The question is whether "negligence" as there used includes the assault in question. The measure was adopted for the relief of a large class of persons employed in hazardous work in the service described. It abrogates the common law rule that makes every employee bear the risk of injury or death through the fault or negligence of fellow servants and applies the principle of respondeat superior (§ 1), eliminates the defense of contributory negligence and substitutes a rule of comparative negligence (§ 3), abolishes the defense of assumption of risk where the violation of a statute enacted for the safety of employees is a contributing cause (§ 4) and denounces all contracts, rules and regulations calculated to exempt the employer from liability created by the Act. § 5.
The reports of the House and Senate committees having the bill in charge condemn the fellow-servant rule as operating unjustly when applied to modern conditions in actions against carriers to recover damages for injury or death of their employees and show that a complete abrogation of that rule was intended. The Act, like an earlier similar one that was held invalid because it included subjects beyond the reach of Congress, is intended to stimulate carriers to greater diligence for the safety of their employees and of the persons and property of their patrons. Second Employers' Liability Cases, 223 U.S. 1, 51. Minneapolis R. Co. v. Rock, 279 U.S. 410, 413.
Senate Report No. 460, pp. 1-2, 60th Congress, 1st Session. House of Representatives Report No. 1386, p. 2, 60th Congress, 1st Session.
Act of June 11, 1906, 34 Stat. 232, held unconstitutional in The Employers' Liability Cases, 207 U.S. 463.
The rule that statutes in derogation of the common law are to be strictly construed does not require such an adherence to the letter as would defeat an obvious legislative purpose or lessen the scope plainly intended to be given to the measure. Johnson v. Southern Pacific Co., 196 U.S. 1, 17-18. Gooch v. Oregon Short Line R.R. Co., 258 U.S. 22, 24. Barrett v. Van Pelt, 268 U.S. 85, 90. Johnson v. United States, 163 F. 30, 32. Cf. Hackfeld Co. v. United States, 197 U.S. 442, 449, et seq. The Act is not to be narrowed by refined reasoning or for the sake of giving "negligence" a technically restricted meaning. It is to be construed liberally to fulfill the purposes for which it was enacted and to that end the word may be read to include all the meanings given to it by courts and within the word as ordinarily used. Miller v. Robertson, 266 U.S. 243, 248, 250.

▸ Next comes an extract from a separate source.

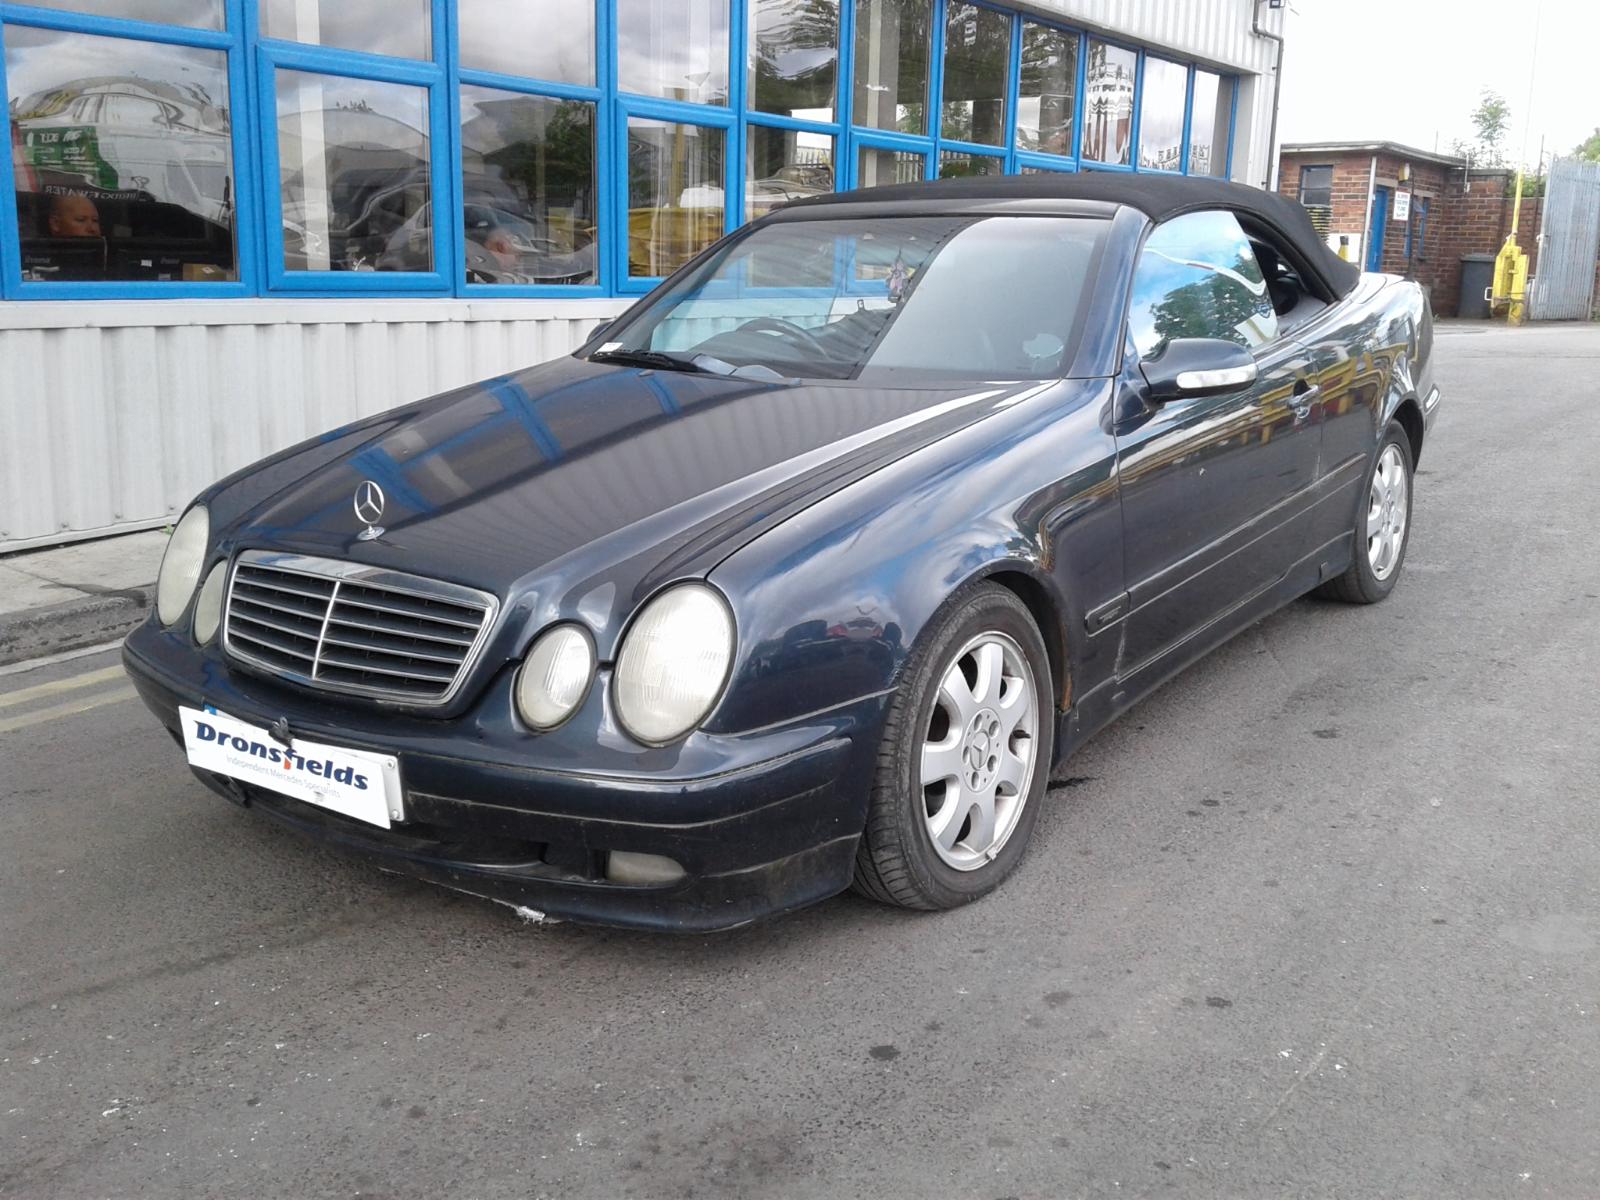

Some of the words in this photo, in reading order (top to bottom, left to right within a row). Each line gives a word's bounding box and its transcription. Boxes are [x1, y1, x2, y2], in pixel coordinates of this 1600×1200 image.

[194, 720, 368, 790] Dronsfields
[226, 754, 271, 776] Independent
[270, 767, 303, 787] Mercedes

As the Federal Employers' Liability Act does not create liability without fault ( Seaboard Air Line v. Horton, 233 U.S. 492, 501), it may reasonably be construed in contrast with proposals and enactments to make employers liable, in the absence of any tortious act, for the payment of compensation for personal injuries or death of employees arising in the course of their employment.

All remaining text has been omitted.